• [Task prompt]: Leaving out the pictures, transcribe all of the records faithfully.
[Opening Dataset entries section]
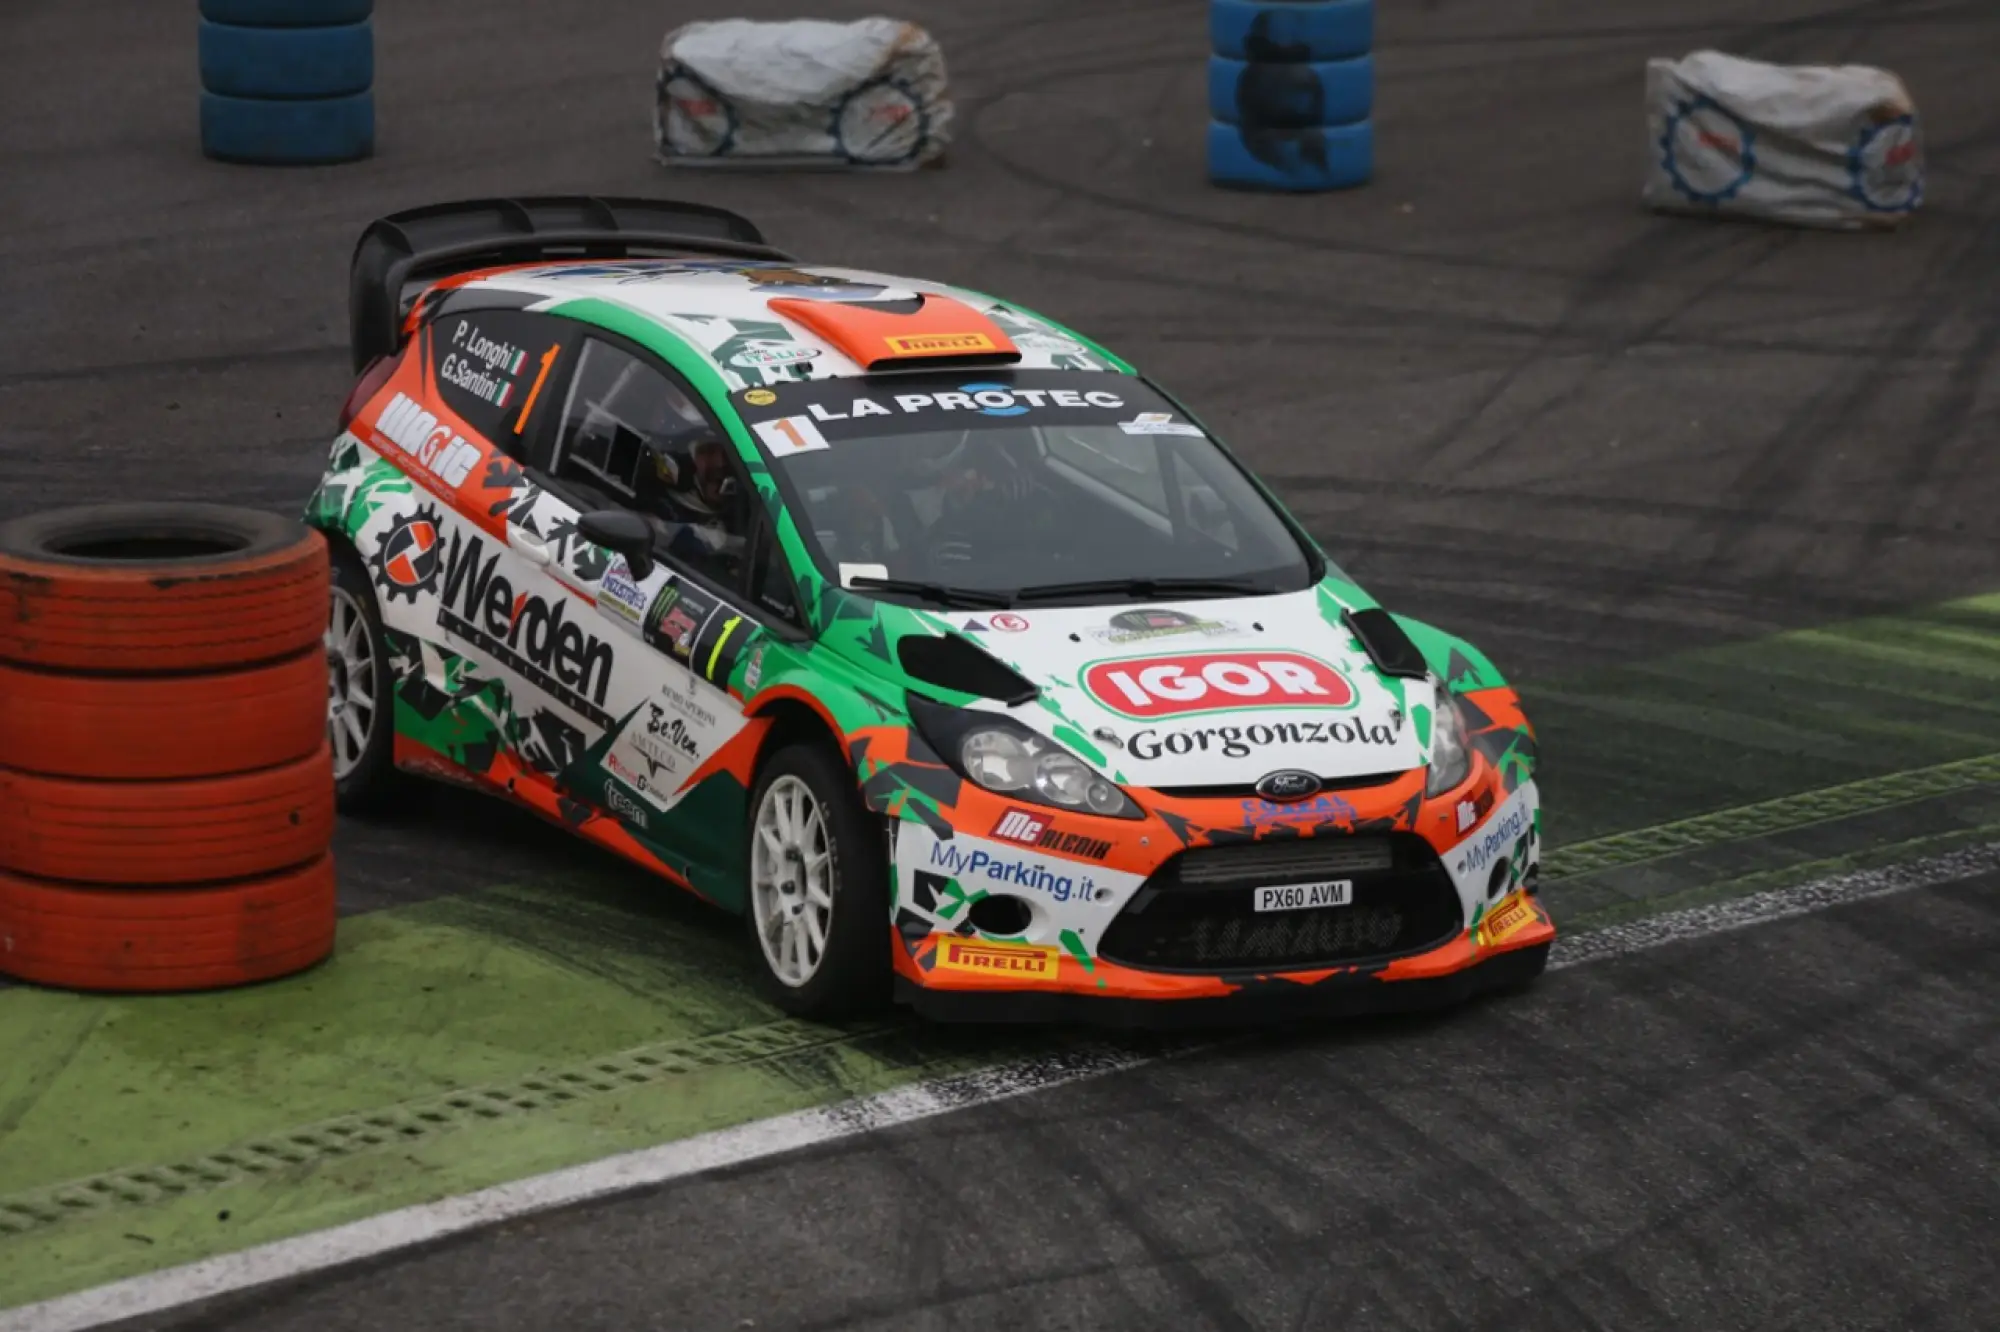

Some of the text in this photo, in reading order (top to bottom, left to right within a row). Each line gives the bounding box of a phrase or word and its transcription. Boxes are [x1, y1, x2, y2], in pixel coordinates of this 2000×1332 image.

[452, 319, 516, 370] P. Longhi
[898, 335, 983, 350] PIRELLI
[441, 353, 501, 402] G.Santini
[513, 343, 561, 435] 1
[807, 389, 1124, 421] LA PROTEC
[773, 418, 807, 447] 1
[441, 525, 613, 707] Werden
[706, 615, 743, 681] 1
[1106, 661, 1329, 707] IGOR
[1128, 716, 1398, 760] Gorgonzola
[1273, 775, 1307, 794] Ford
[1466, 803, 1528, 872] MyParking.it
[930, 842, 1094, 901] MyParking.it
[1263, 883, 1344, 909] PX60 AVM
[1488, 899, 1528, 938] PIRELLI
[948, 944, 1048, 972] PIRELLI
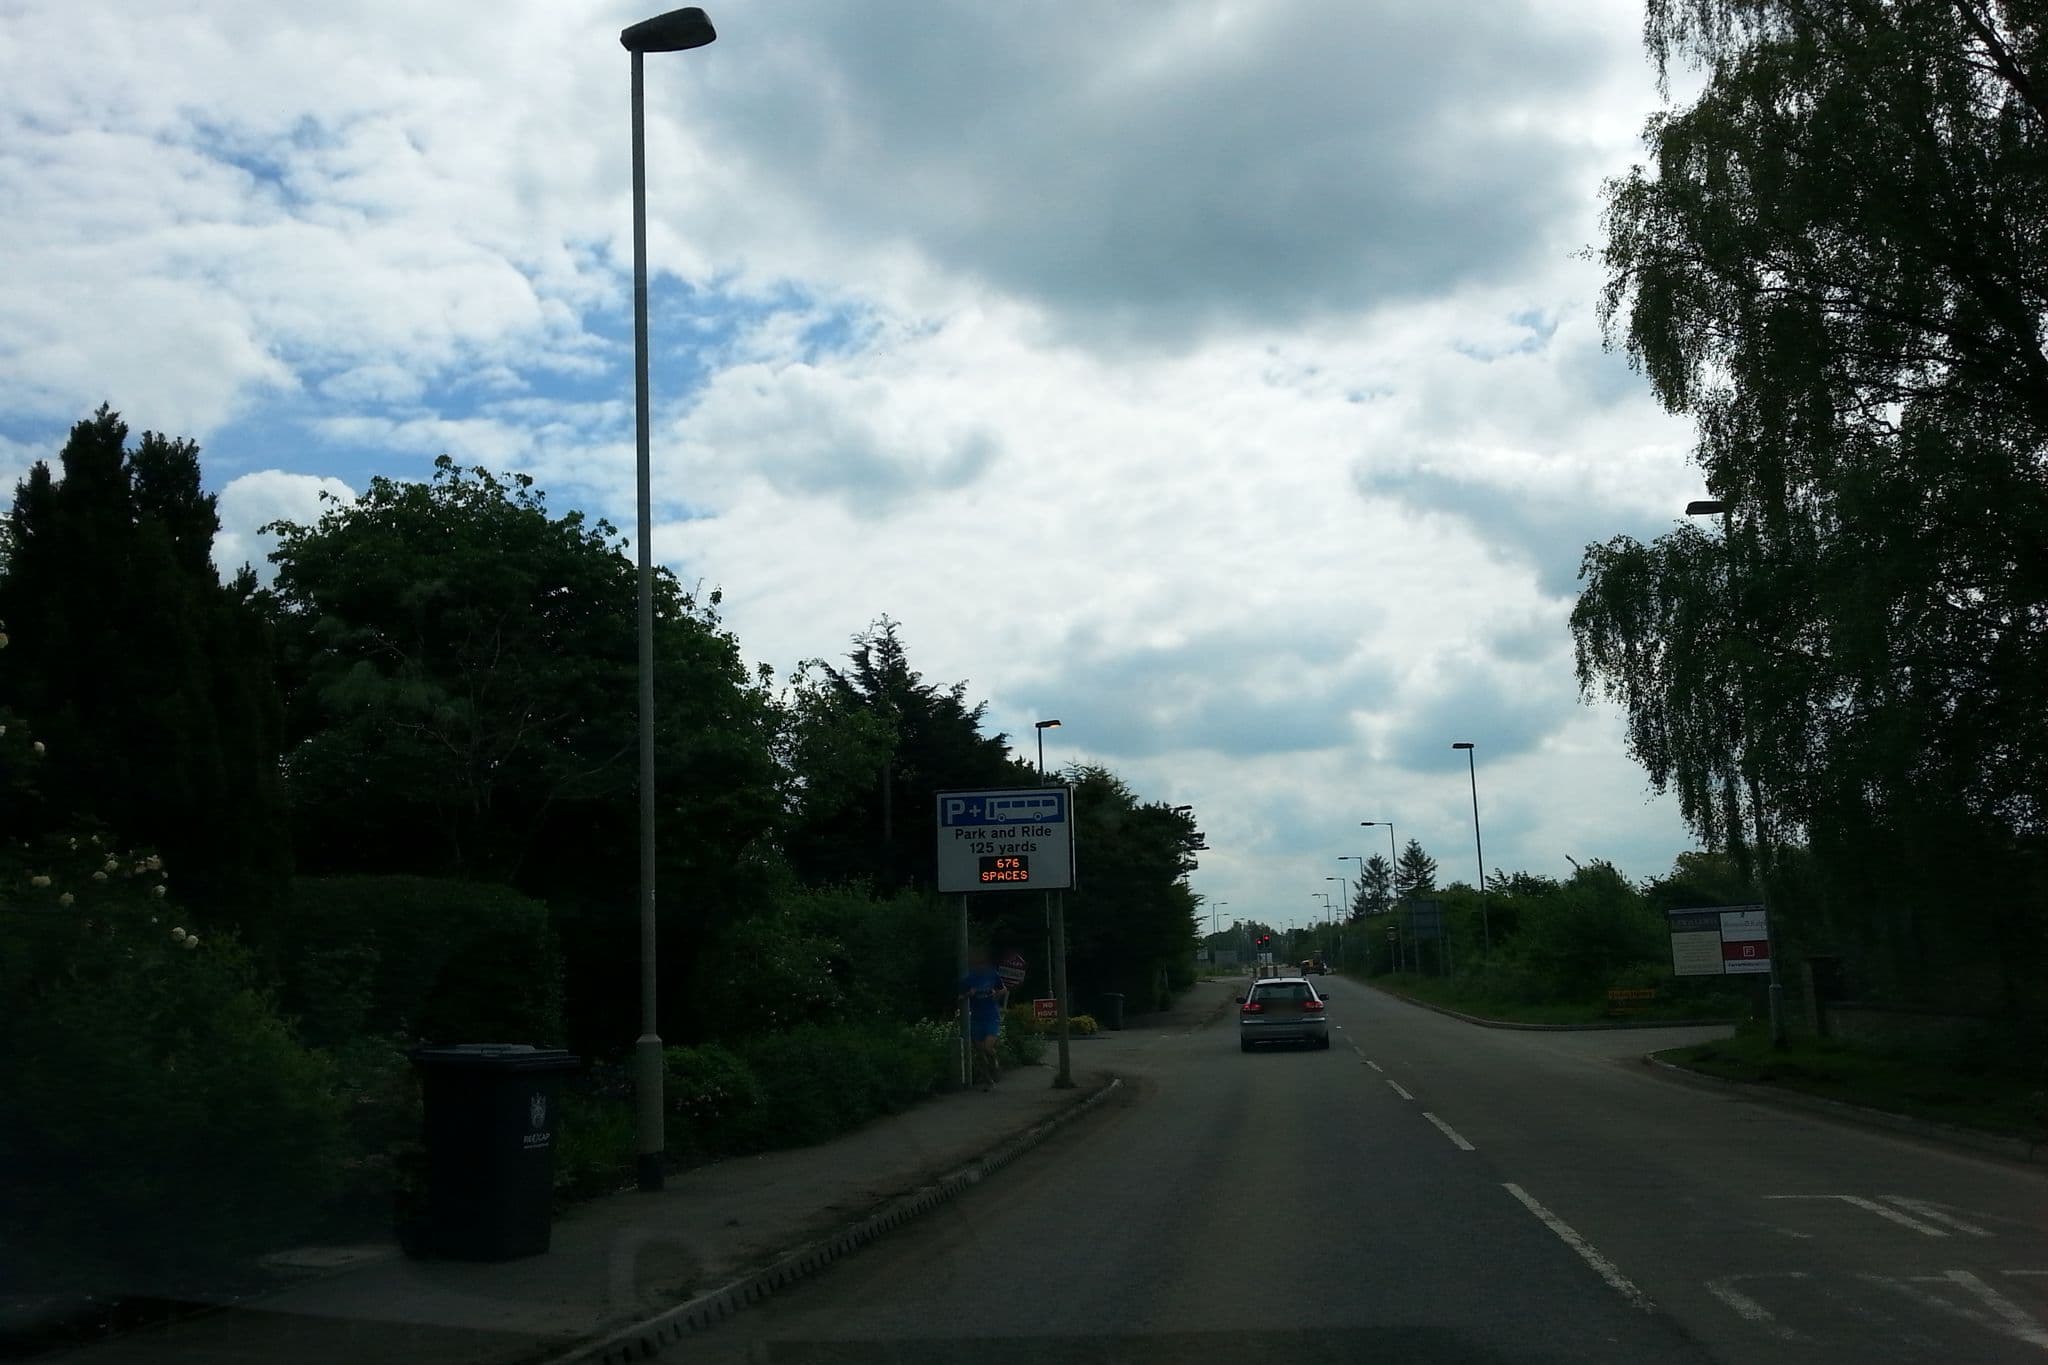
[Closing Dataset entries section]
• [Solution to the exercise]:
Some of the text in this photo, in reading order (top to bottom, left to right within a row). Each line gives the bounding box of a phrase or word and its transcription. Boxes are [x1, y1, x2, y2], in pixel coordinates of this 2000×1332 image.

[452, 319, 516, 370] P. Longhi
[898, 335, 983, 350] PIRELLI
[441, 353, 501, 402] G.Santini
[513, 343, 561, 435] 1
[807, 389, 1124, 421] LA PROTEC
[773, 418, 807, 447] 1
[441, 525, 613, 707] Werden
[706, 615, 743, 681] 1
[1106, 661, 1329, 707] IGOR
[1128, 716, 1398, 760] Gorgonzola
[1273, 775, 1307, 794] Ford
[1466, 803, 1528, 872] MyParking.it
[930, 842, 1094, 901] MyParking.it
[1263, 883, 1344, 909] PX60 AVM
[1488, 899, 1528, 938] PIRELLI
[948, 944, 1048, 972] PIRELLI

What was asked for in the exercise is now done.